GADI EISENKOT

er teorico della risposta sproporzionata
Gadi Eisenkot

Gadi Eisenkot, oggi parlamo de quest’altro pacioso ex generale (ehi, che strano, un altro militare di carriera nel governo, ma sarà sicuramente un caso), Capo de Stato Maggiore dal 2015 al 2019, ministro senza portafoglio e in questo preciso momento membro del gabinetto de guera. 

Oh, lui dice che Israele non soffre de nessuna minaccia esistenziale esterna. Che la vera minaccia so’ sti giovani smidollati che non credono più ar motto militarista “to kill or to be killed”. Questo è il problema.

Le posizioni sulla Palestina so’ sempre le stesse: niente Gerusalemme Est, niente ritiro degli insediamenti, mapperò famoli pure sti due stati; anzi, se fai uno stato solo er pericolo è che poi finisci in minoranza e questo per una democrazia è inaccettabile.

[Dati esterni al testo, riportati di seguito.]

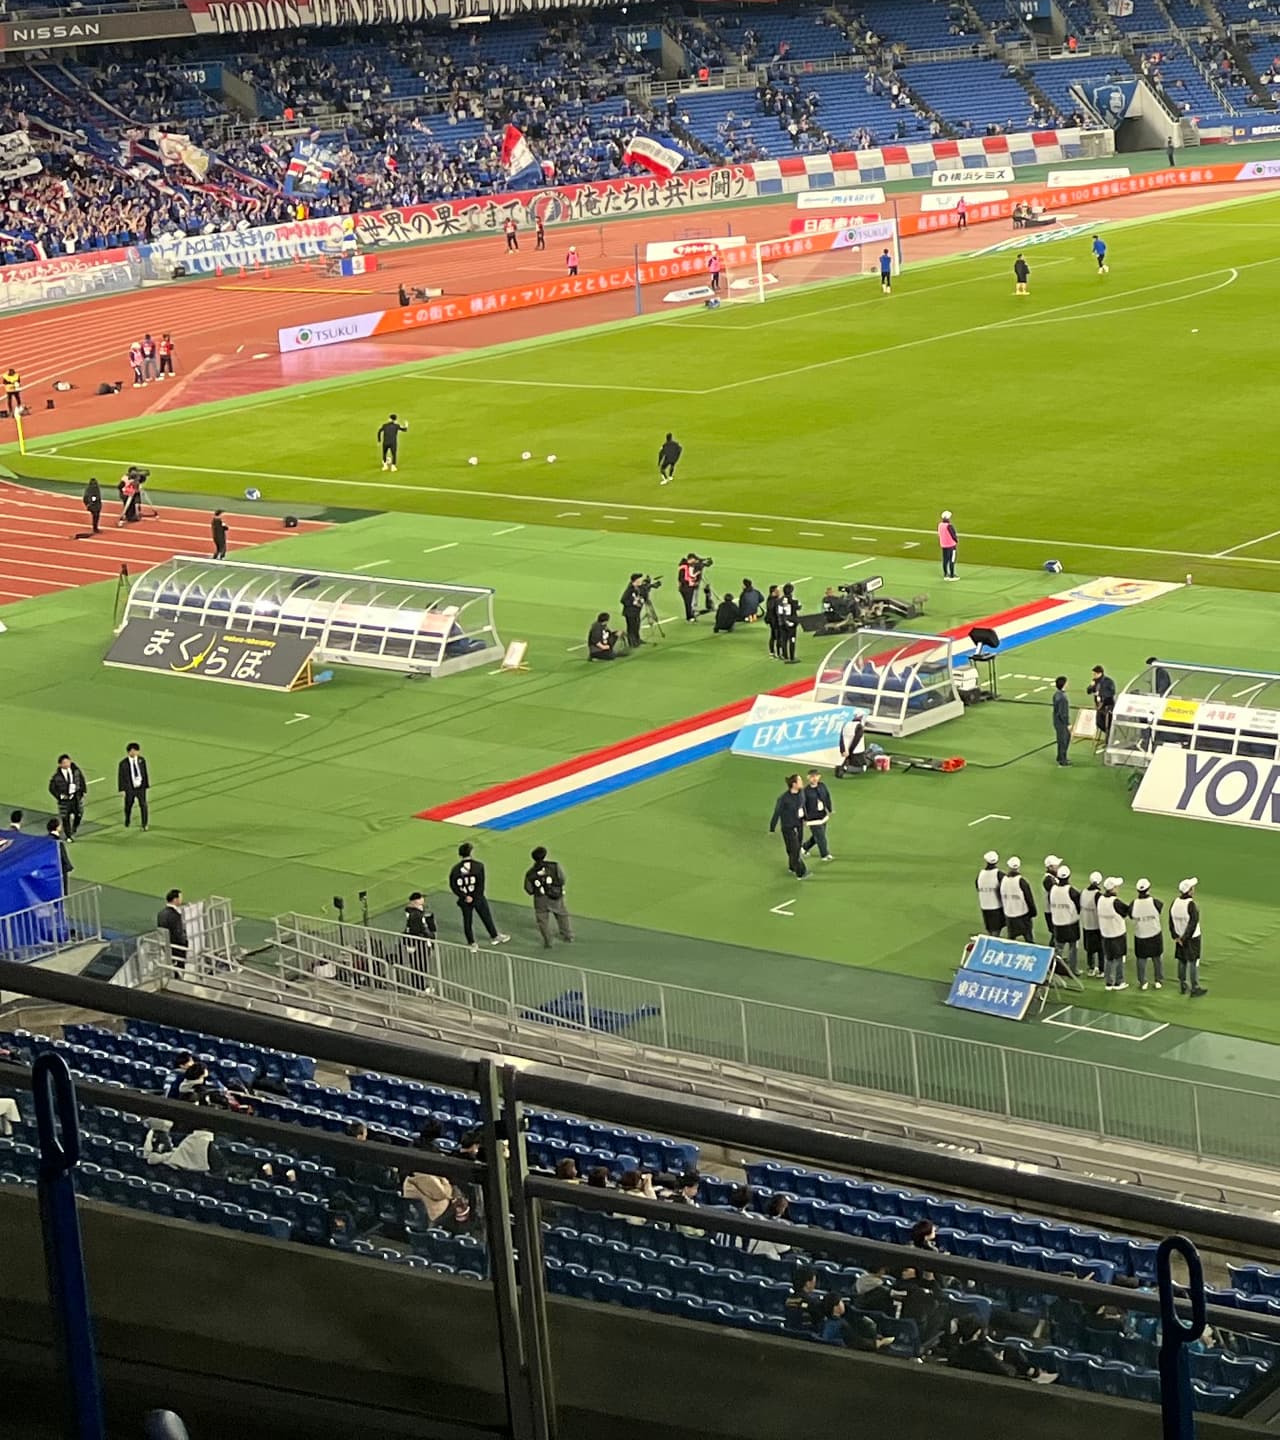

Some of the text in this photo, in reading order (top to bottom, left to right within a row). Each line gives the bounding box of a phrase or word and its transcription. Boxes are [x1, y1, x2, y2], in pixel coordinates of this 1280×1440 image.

Comunque la cosa interessante de lui è un’altra: lui è l’inventore della “dottrina Dahiya”, che prende il nome da quando l’IDF (cioè lui) spianò completamente un quartiere de Beirut nel 2006 mentre combatteva Hezbollah. Lui ne parla la prima volta nel 2008.
In che cosa consiste sta dottrina? Facile: nell’uso sproporzionato della forza. Oh, occhio che non è un errore de battitura, teorizza proprio una reazione SPROPORZIONATA.
Poi uno dice come te viene er dubbio che la reazione de oggi sia un po’ esagerata. Ah boh, chi lo sa perché! 
Cioè il punto base della dottrina è proprio: tu m’attacchi, io spiano tutto quello che incontro, villaggio, città, quartiere che sia:  Oh però regà seri: il governo Israeliano questa dottrina non l’ha mai adottata ufficialmente, ha solo messo il suo ideatore nel gabinetto de guera.

Urtima cosa: mo non ve fate ingannà da quello che v’ho raccontato, lui è un moderato! Fa parte della coalizione centrista “Unità Nazionale” co’ Benny Gantz; toh, un antro ex generale, aho sti generali spuntano veramente come i funghi (poi un thread lo faremo pure su de lui).